[Records for this exercise Boundary: Start]

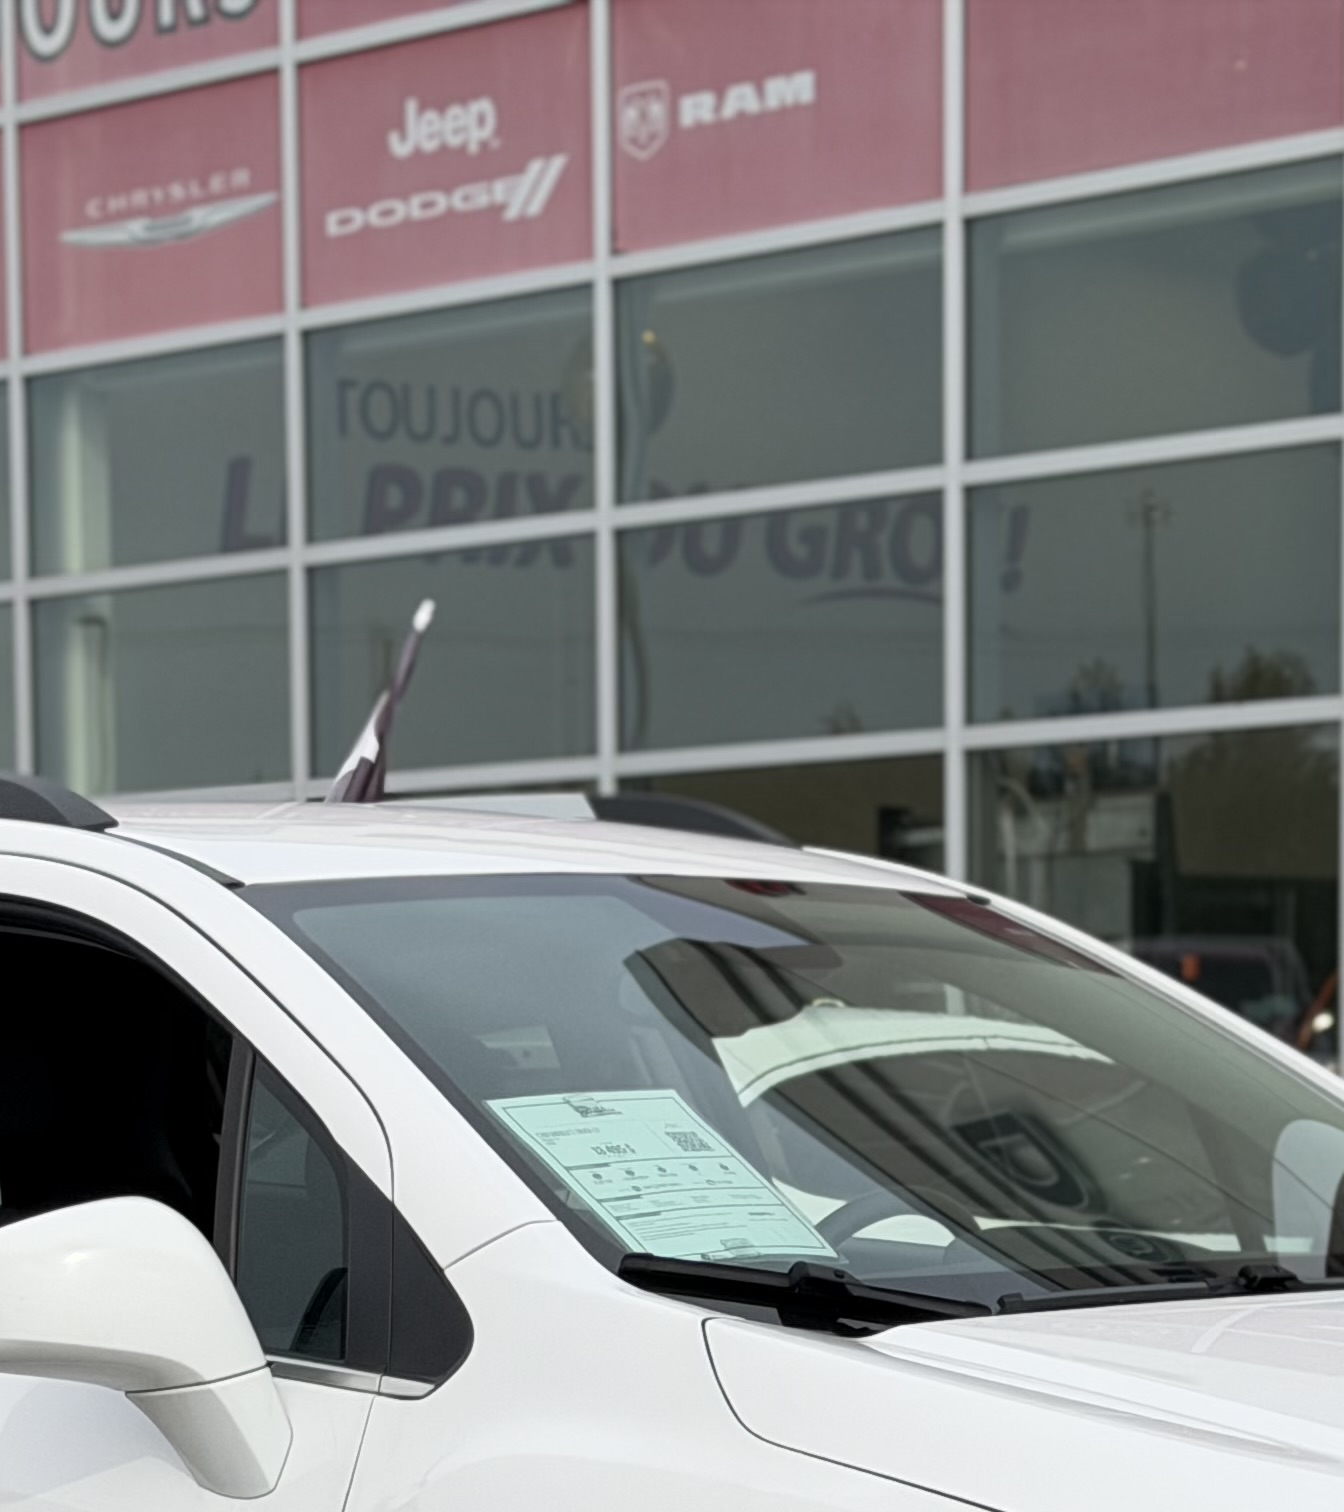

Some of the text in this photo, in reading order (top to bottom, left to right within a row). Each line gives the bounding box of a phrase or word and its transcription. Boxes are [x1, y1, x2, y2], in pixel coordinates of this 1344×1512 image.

[388, 97, 497, 159] Jeep
[679, 70, 816, 128] RAM
[85, 167, 252, 219] CHRYSLER
[325, 173, 524, 237] DODGE
[337, 376, 594, 451] TOUJOUR
[222, 453, 286, 554] L
[362, 463, 582, 569] PRIX
[764, 490, 944, 586] GRO

[Records for this exercise Boundary: End]

▸ **Directions**
Your answer must be an exact copy of the records, free of images.

▸ **Result for this exercise**
Some of the text in this photo, in reading order (top to bottom, left to right within a row). Each line gives the bounding box of a phrase or word and its transcription. Boxes are [x1, y1, x2, y2], in pixel coordinates of this 1344×1512 image.

[388, 97, 497, 159] Jeep
[679, 70, 816, 128] RAM
[85, 167, 252, 219] CHRYSLER
[325, 173, 524, 237] DODGE
[337, 376, 594, 451] TOUJOUR
[222, 453, 286, 554] L
[362, 463, 582, 569] PRIX
[764, 490, 944, 586] GRO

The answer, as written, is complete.